We are committed to providing you with the best possible dental care. Our fees reflect our
professional commitment to excellence. In order to achieve these goals, we need your assistance and
understanding of our payment policy. We offer the following methods of payment of fees:
- Payment in full is due at the time of service. We offer a 5% discount for accounts paid in
full at the time of service with cash or check. Insurance, credit, and debit card transactions are
ineligible for this discount.
- As a courtesy to our patients, we will file your insurance. It is the responsibility of the patient to
know the limits of your insurance. We cannot guarantee what your insurance will pay. We will
estimate as closely as possible what your out-of-pocket expenses will be. You will be
expected to make payment at the time of service for any deductibles or co-payments for
your treatment. If insurance claims take over 60 days to be paid by the insurance company,
we ask that the patient pay the balance in full and once the insurance pays the claim, we will
issue a refund if there is one coming to the patient.
- We also offer interest-free or extended payment plans through CareCredit dental financing
(O.A.C.). You may apply by going to www.carecredit.com If approved, print off approval with
your account number and bring to your appointment.

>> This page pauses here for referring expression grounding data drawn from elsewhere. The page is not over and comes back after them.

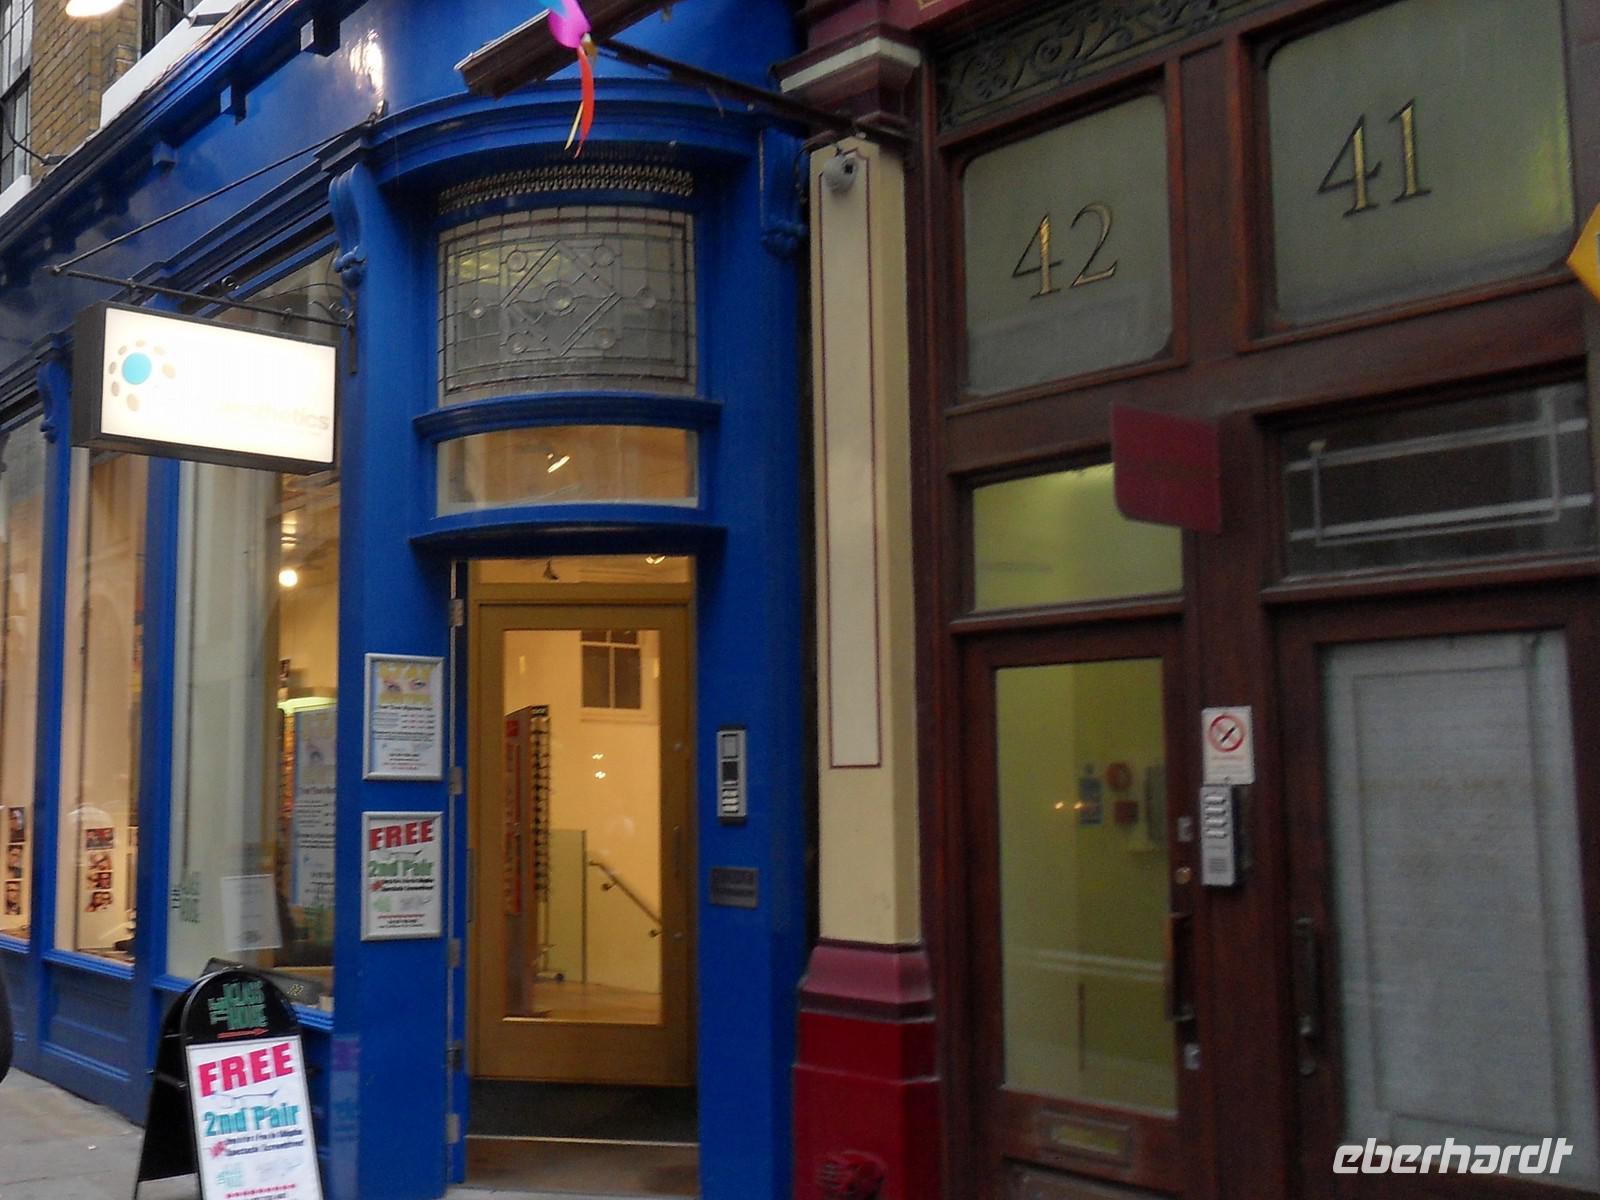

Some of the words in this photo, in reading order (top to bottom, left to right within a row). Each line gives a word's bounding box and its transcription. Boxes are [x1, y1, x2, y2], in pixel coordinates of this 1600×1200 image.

[1317, 97, 1432, 218] 41
[1012, 202, 1118, 299] 42
[368, 820, 434, 851] FREE
[197, 1042, 294, 1098] FREE
[203, 1107, 247, 1137] 2nd
[252, 1102, 299, 1131] Pair

- In case of divorce or separation, the parent accompanying the child and authorizing
treatment will be the parent responsible for the charges on the day of service. If the
divorce decree requires the other parent to pay all or part of the treatment costs, it is the
authorizing parent’s responsibility to collect from the other parent.

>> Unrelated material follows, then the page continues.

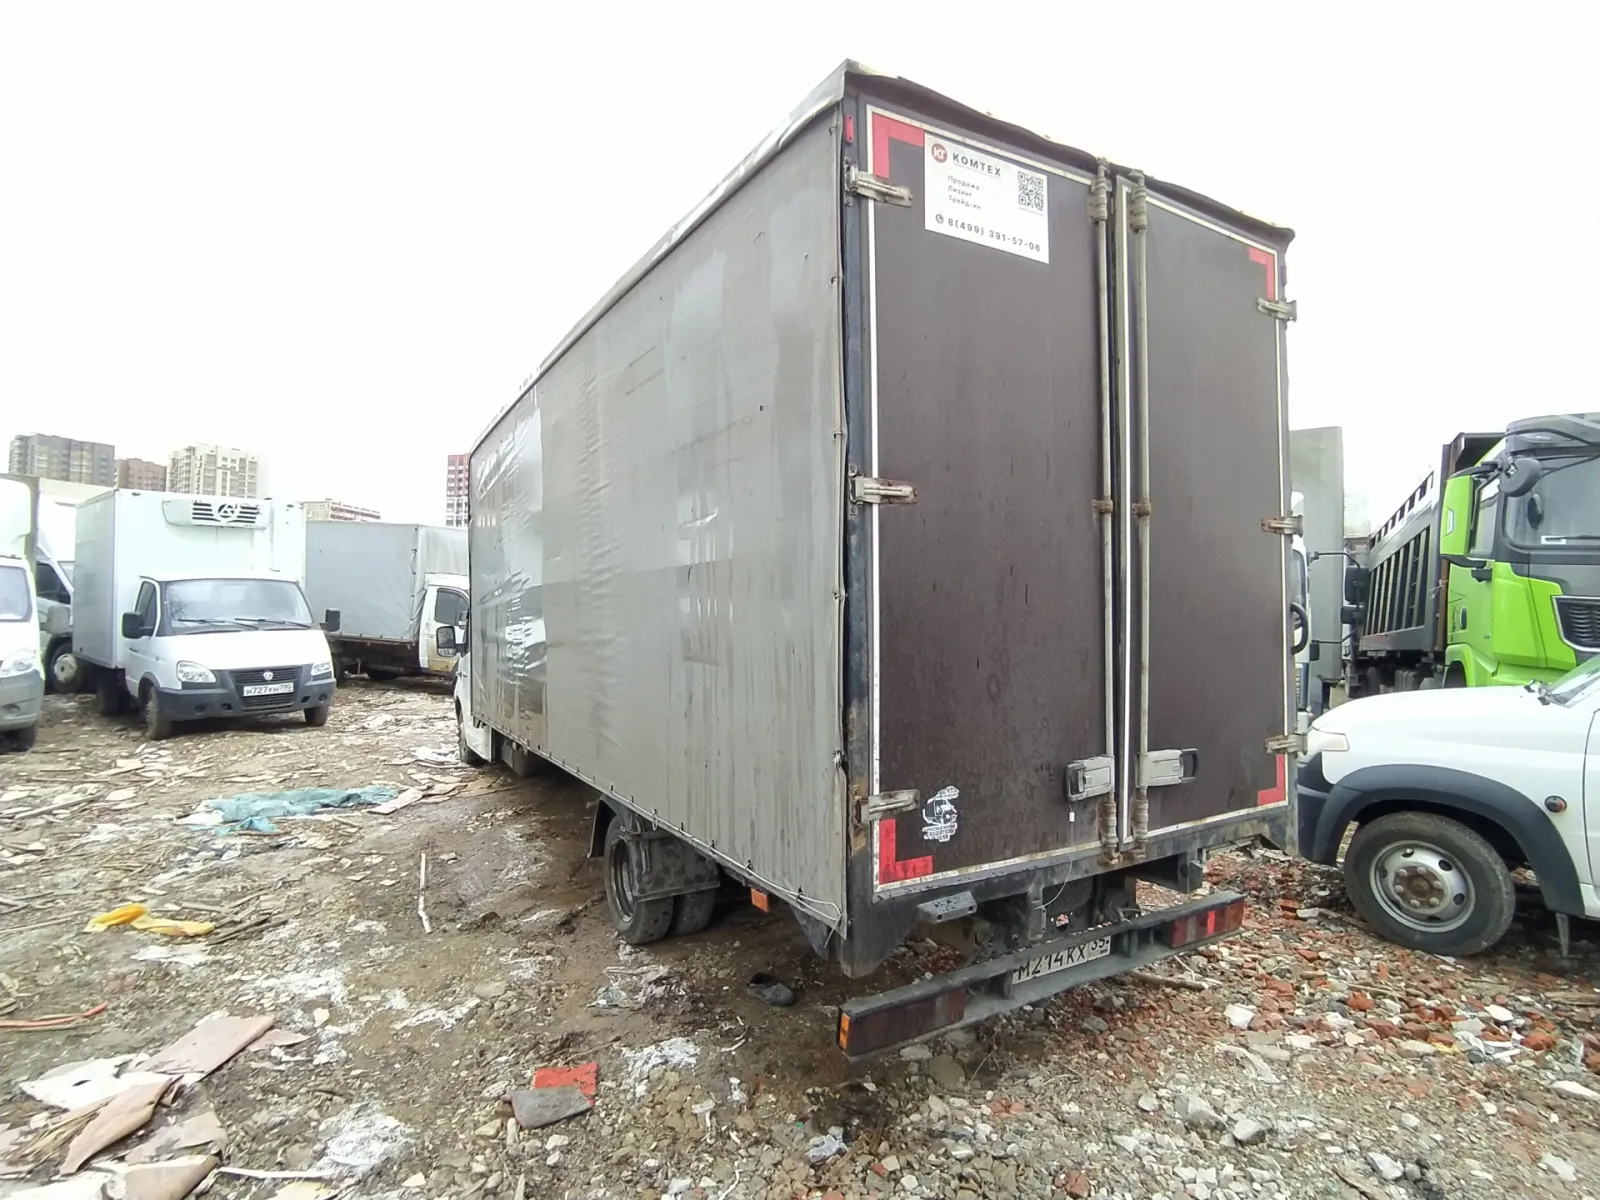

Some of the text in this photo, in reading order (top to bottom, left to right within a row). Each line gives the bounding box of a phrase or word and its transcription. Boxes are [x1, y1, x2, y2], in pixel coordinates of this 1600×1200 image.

[952, 152, 1001, 177] КОМТЕХ
[948, 217, 1041, 252] 8(499) 391-57-06

We will gladly discuss your proposed dental treatment and answer any questions you might have as
to the involvement of your dental benefit program in receiving this care. We appreciate the opportunity
to serve you.
PAYMENT AGREEMENT:
I,authorize treatment for myself or minor, and agree to pay all fees and charges for such treatment. I understand that I am responsible for payment of any unpaid balance due from my insurance company, within 60 days of treatment. I understand that overdue accounts will be sent to a collections agency and I authorize release of protected information for collections purposes. I also agree to pay an interest penalty of 1.5% per month on any outstanding balance over 60 days. There will be a service charge on all returned checks. I acknowledge receipt of a copy of this agreement. All parties involved agree that this document may be signed electronically. The electronic signatures appearing on this document are the same as handwritten signatures for the purposes of validity, enforceability, and admissibility.